2. On January 19, 2018, in connection with the Issuer's option exchange program, the Issuer cancelled an option for 100,000 shares of common stock granted to the Reporting Person on May 15, 2015. In exchange, the Reporting Person received an option grant for 66,666 shares of common stock with exercise price of $5.675 per share.
3. One-fourth (1/4) of the shares subject to the option vest on March 1, 2017 and one forty-eighth (1/48) of the shares vest monthly thereafter.
4. On January 19, 2018, in connection with the Issuer's option exchange program, the Issuer cancelled an option for 70,000 shares of common stock granted to the Reporting Person on March 1, 2016. In exchange, the Reporting Person received an option grant for 46,666 shares of common stock with exercise price of $5.675 per share.

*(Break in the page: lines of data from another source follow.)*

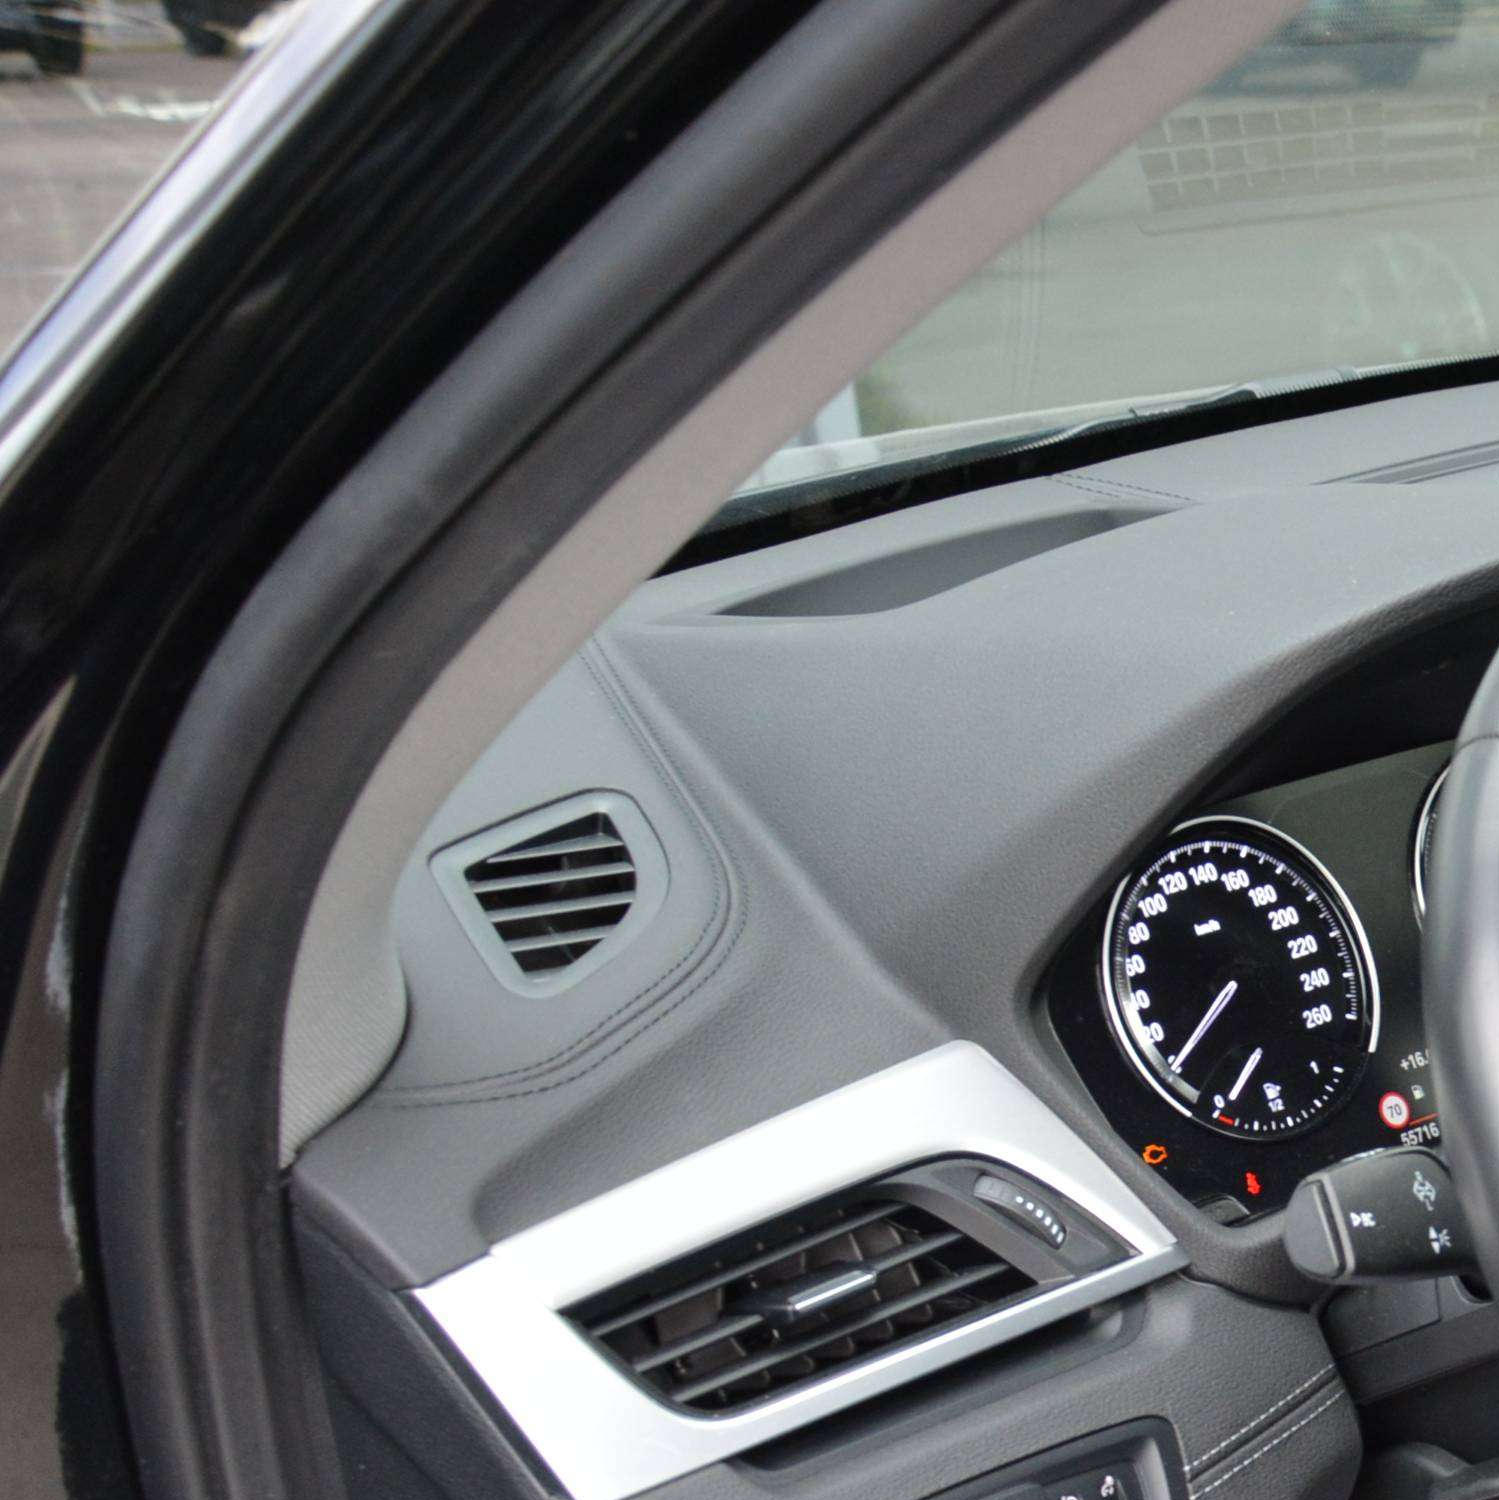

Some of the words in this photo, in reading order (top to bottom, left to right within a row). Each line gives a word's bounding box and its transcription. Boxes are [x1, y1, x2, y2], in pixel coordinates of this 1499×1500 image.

[1158, 871, 1188, 895] 120
[1188, 862, 1218, 886] 140
[1221, 868, 1250, 892] 160
[1138, 893, 1168, 919] 100
[1248, 883, 1278, 907] 180
[1268, 905, 1299, 931] 200
[1128, 921, 1150, 945] 80
[1287, 934, 1318, 960] 220
[1125, 954, 1146, 977] 60
[1300, 967, 1330, 992] 240
[1302, 1004, 1333, 1029] 260
[1310, 1061, 1320, 1075] 1
[1400, 1048, 1429, 1071] +16.
[1267, 1098, 1285, 1113] 1/2
[1386, 1103, 1403, 1119] 70
[1400, 1122, 1440, 1147] 55716

5. One-fourth (1/4) of the shares subject to the option vest on March 6, 2018 and one forty-eighth (1/48) of the shares vest monthly thereafter.
6. On January 19, 2018, in connection with the Issuer's option exchange program, the Issuer cancelled an option for 50,000 shares of common stock granted to the Reporting Person on March 6, 2017. In exchange, the Reporting Person received an option grant for 33,333 shares of common stock with exercise price of $5.675 per share.

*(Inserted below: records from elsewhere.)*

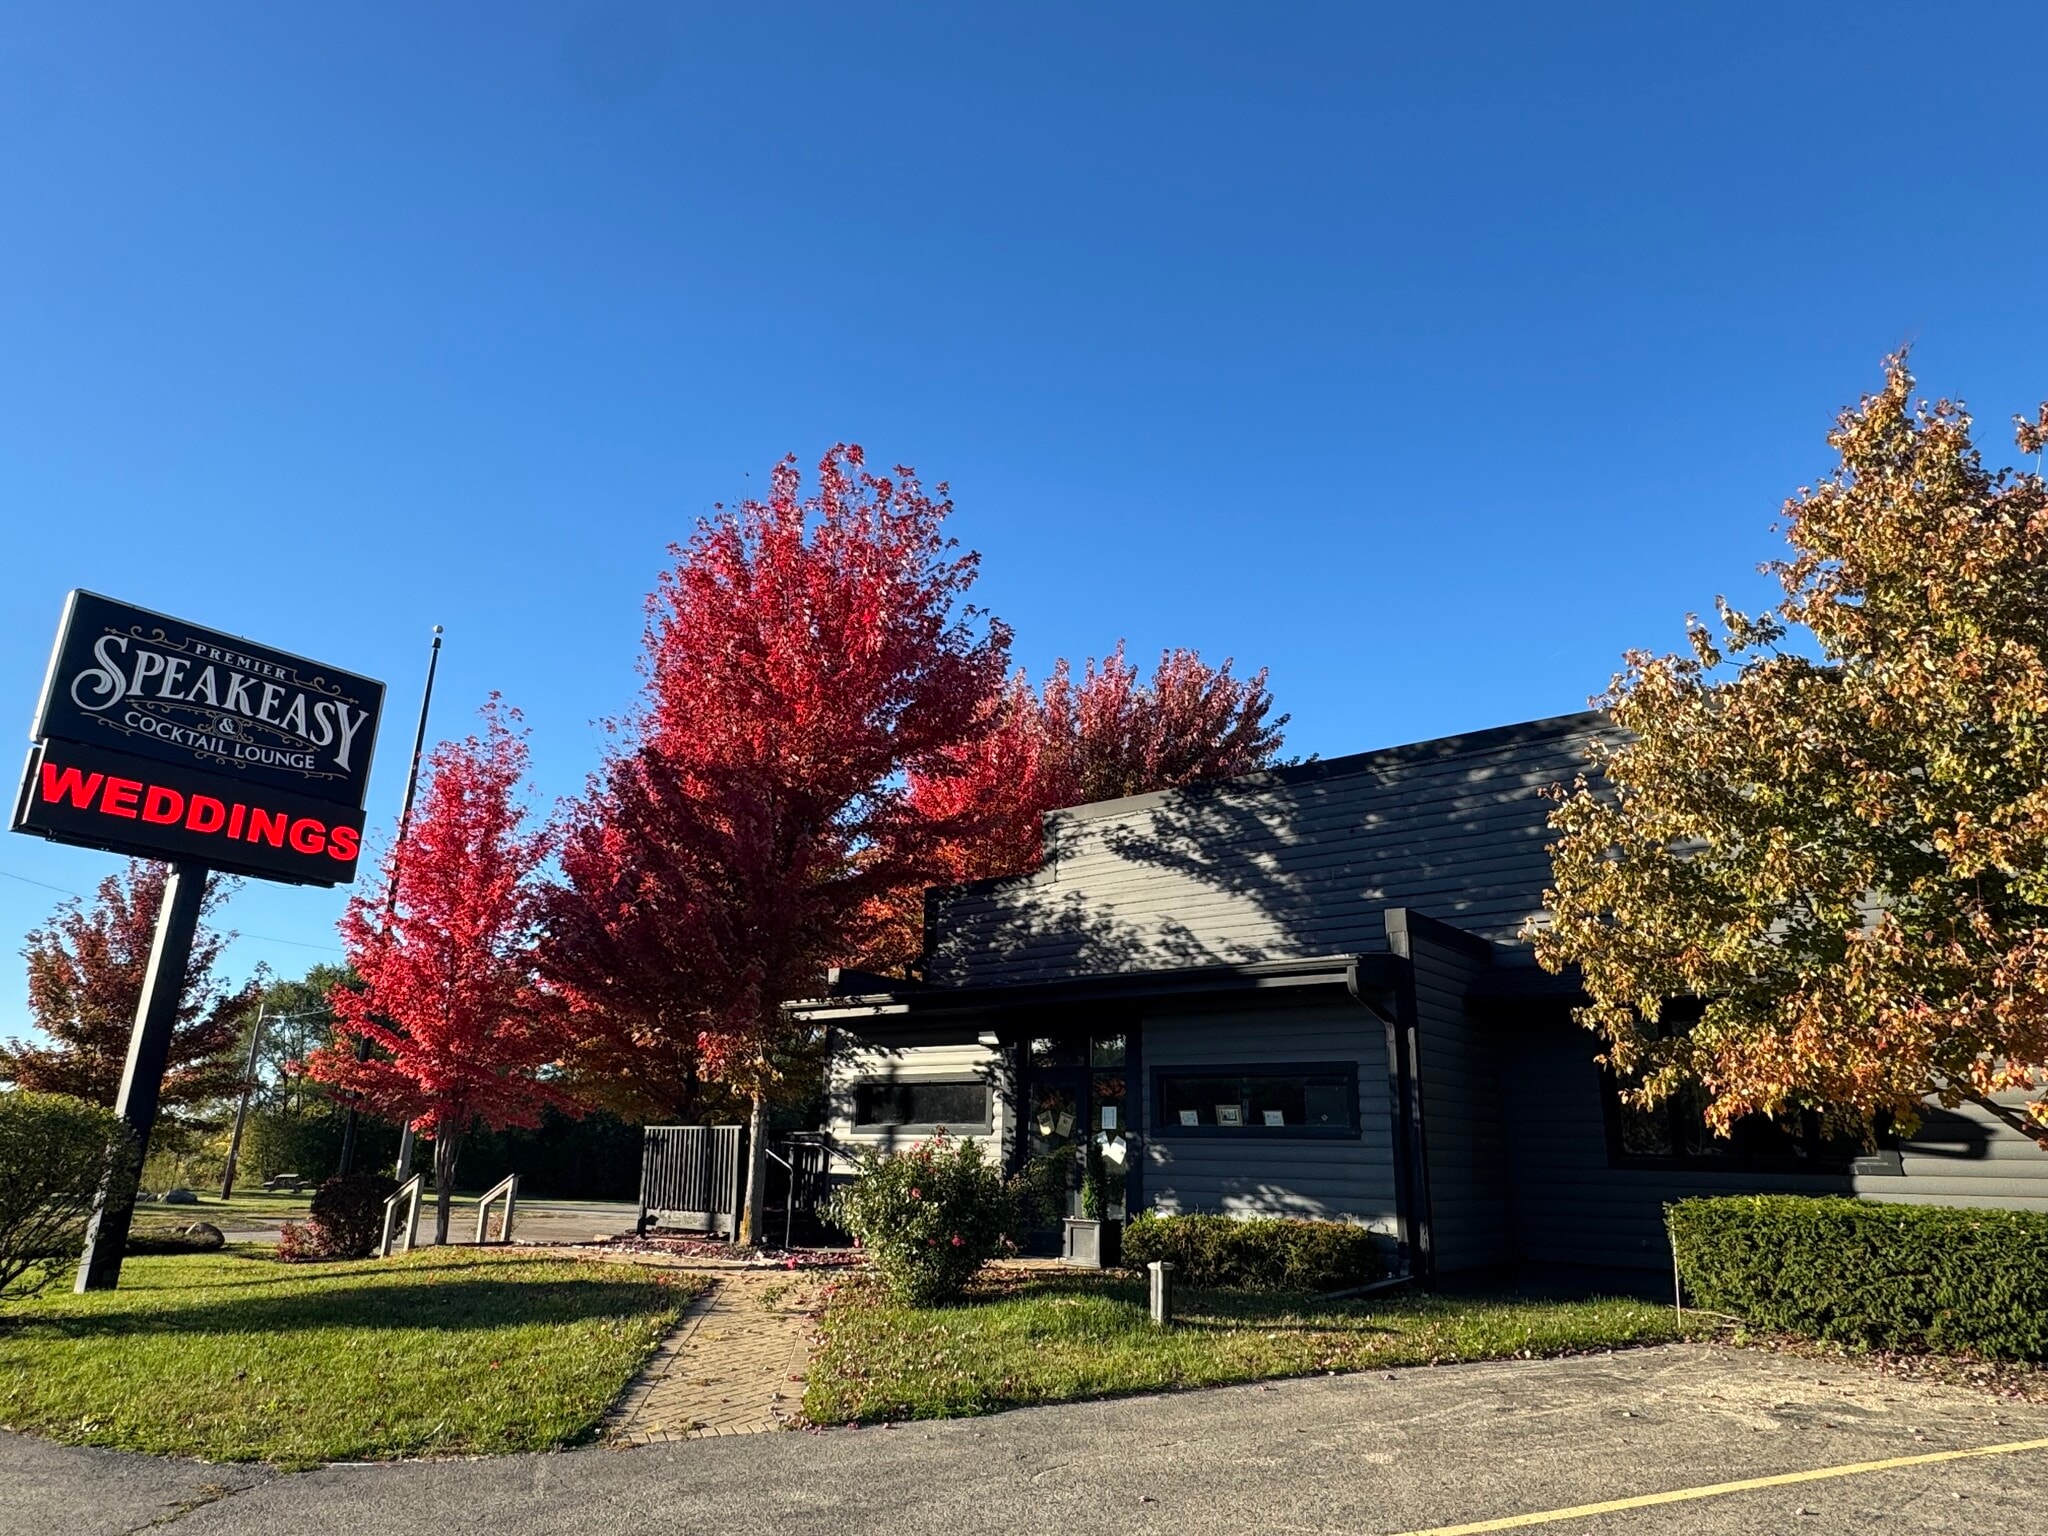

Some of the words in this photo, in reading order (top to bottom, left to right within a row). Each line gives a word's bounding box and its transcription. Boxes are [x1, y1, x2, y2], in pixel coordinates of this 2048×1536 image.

[195, 643, 286, 680] PREMIER
[71, 635, 370, 772] SPEAKEASY
[219, 718, 236, 734] &
[124, 711, 228, 754] COCKTAIL
[234, 743, 315, 769] LOUNGE
[41, 761, 359, 861] WEDDINGS

7. Of the 66,666 total shares subject to the option, 52,777 shares vest on January 19, 2019. Of the remaining 13,889 shares subject to the option, one-third (1/3) of these shares vest on January 19, 2019, and one thirty-sixth (1/36) of these shares vest monthly thereafter.

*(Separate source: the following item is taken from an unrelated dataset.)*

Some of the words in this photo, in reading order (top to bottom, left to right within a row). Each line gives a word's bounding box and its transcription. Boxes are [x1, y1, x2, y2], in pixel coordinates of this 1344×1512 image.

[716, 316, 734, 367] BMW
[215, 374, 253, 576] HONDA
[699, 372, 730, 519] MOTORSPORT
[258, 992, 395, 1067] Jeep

8. Of the 46,666 total shares subject to the option, 27,222 shares vest on January 19, 2019. Of the remaining 19,444 shares subject to the option, one-third (1/3) of these shares vest on January 19, 2019, and one thirty-sixth (1/36) of these shares vest monthly thereafter.
9. Of the 33,333 total shares subject to the option, 11,111 shares vest on January 19, 2019. Of the remaining 22,222 shares subject to the option, one-third (1/3) of these shares vest on January 19, 2019, and one thirty-sixth (1/36) of these shares vest monthly thereafter.
/s/ Paul E. Cayer, by power of attorney 01/23/2018
** Signature of Reporting Person Date
Reminder: Report on a separate line for each class of securities beneficially owned directly or indirectly.
* If the form is filed by more than one reporting person, see Instruction 4 (b)(v).
** Intentional misstatements or omissions of facts constitute Federal Criminal Violations See 18 U.S.C. 1001 and 15 U.S.C. 78ff(a).